Così Belgrado coltiva con apparente noncuranza l'estetica titina. Lo fa con un tocco ostentatamente kitsch in locali come il «Kafana Sfrj», ricco di cimeli jugoslavi e di turisti stranieri che vanno là per instagrammare il busto di Tito e le foto di militari in divisa. Lo fa nel Museo della Jugoslavia e nella vicina Casa dei Fiori, memoriale funebre del maresciallo, visitato da serbi di provincia ripuliti dagli abiti di campagna. Lo fa nel metafisico sobborgo di Novi Beograd, sull'altra sponda della Sava, quartiere satellite costruito nel secondo dopoguerra in stile modernista sovietico con materiali scadenti. Ci si passa per andare a Zemun, paesino di pescatori sul Danubio che coltiva ostinatamente l'orgoglio di non sentirsi Belgrado e dove si viene a mangiare pesce di acqua dolce a 900 dinari la ricca porzione (circa 7 euro).

Belgrado è una città dal passato pesante, distrutta e ricostruita a ogni curva a gomito della storia. Per questo (anche) è giovane, come noi non siamo più abituati a vederne.
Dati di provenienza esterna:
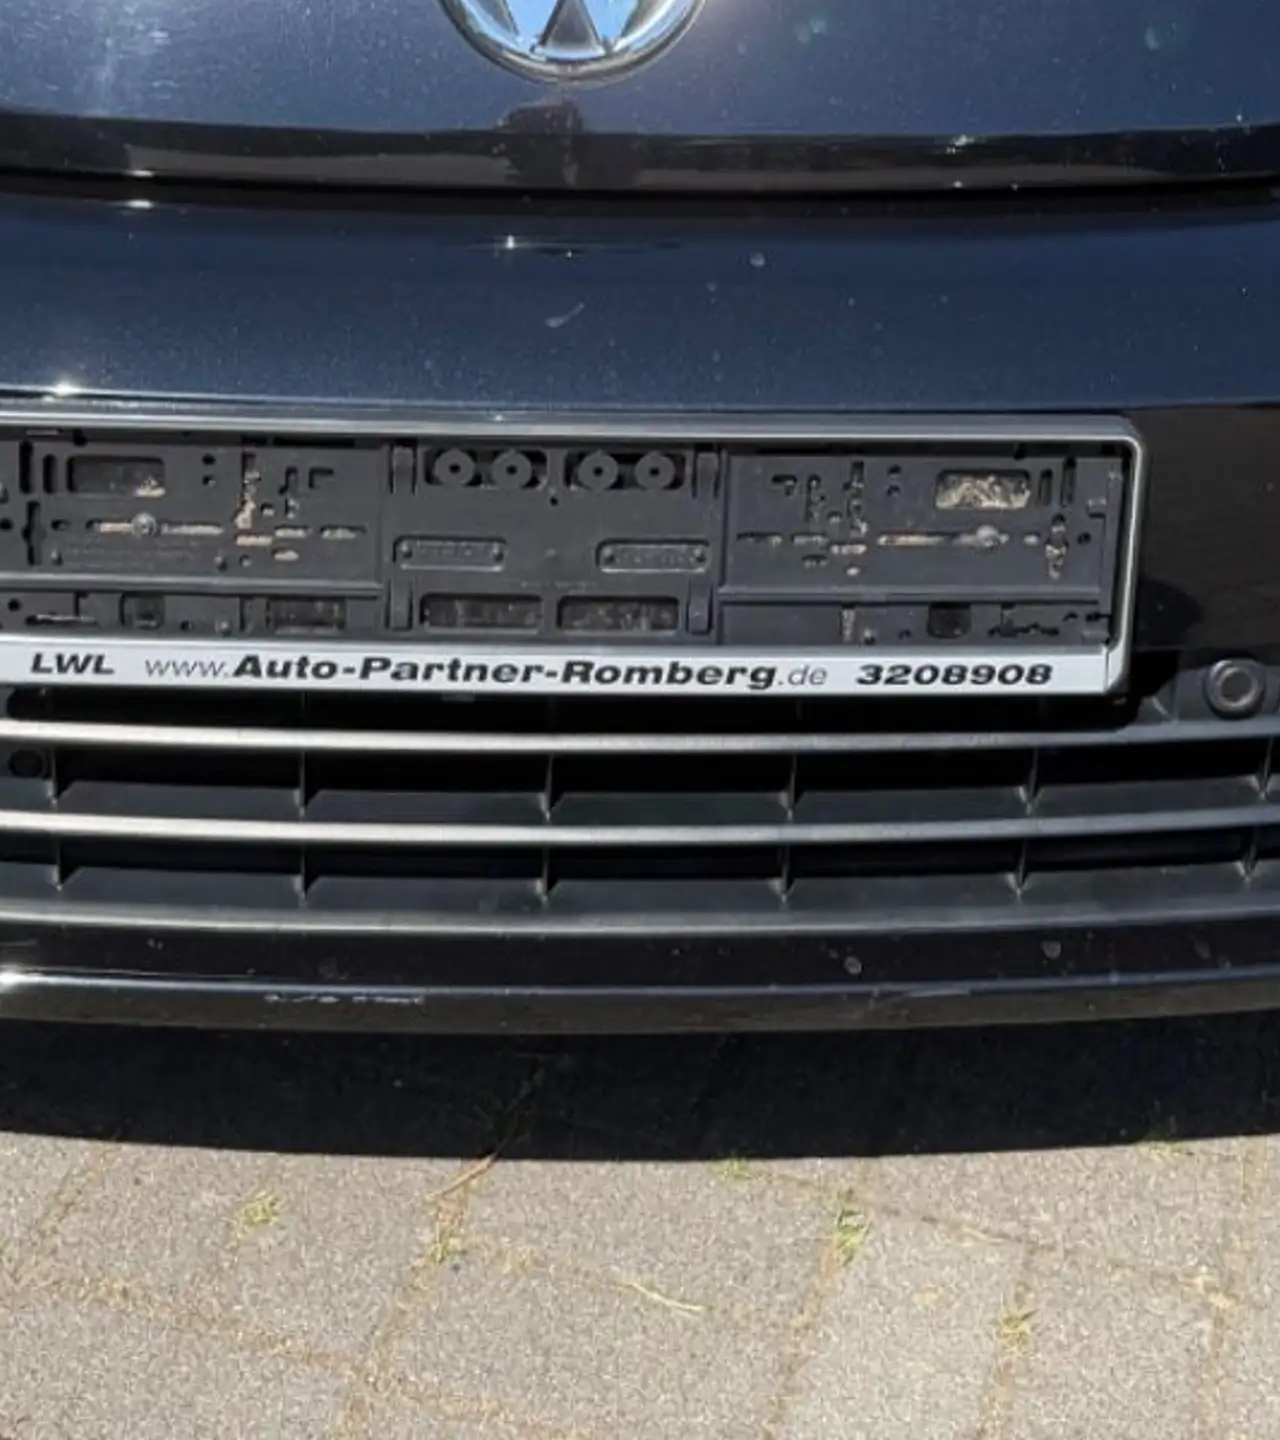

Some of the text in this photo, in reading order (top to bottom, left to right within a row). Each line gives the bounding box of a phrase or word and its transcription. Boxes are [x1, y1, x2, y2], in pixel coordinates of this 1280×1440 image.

[30, 652, 1053, 691] LWL www.Auto-Partner-Romberg.de 3208908
Ha ragazze bellissime che girano guardandoti con alterigia, una vivace scena di locali in cui si beve, si suona, si fuma (proprio così: si fuma). Gli osservatori la descrivono come una via di mezzo tra Istanbul, Berlino e Praga, la Lonely Planet la racconta come «una delle dieci città più divertenti del mondo». Il quartiere di Skandalija con le stradine acciottolate se la tira come una Montmartre balcanica.

La via Cetinjska è molto amata dai giovani, con un cortile che di giorno è un parcheggio e di sera è affollato di ragazzi che bevono rakjia (una grappa locale) e birra economica e parlano del futuro, loro che ne hanno uno, anche se in serbo e con i soldi degli emiri.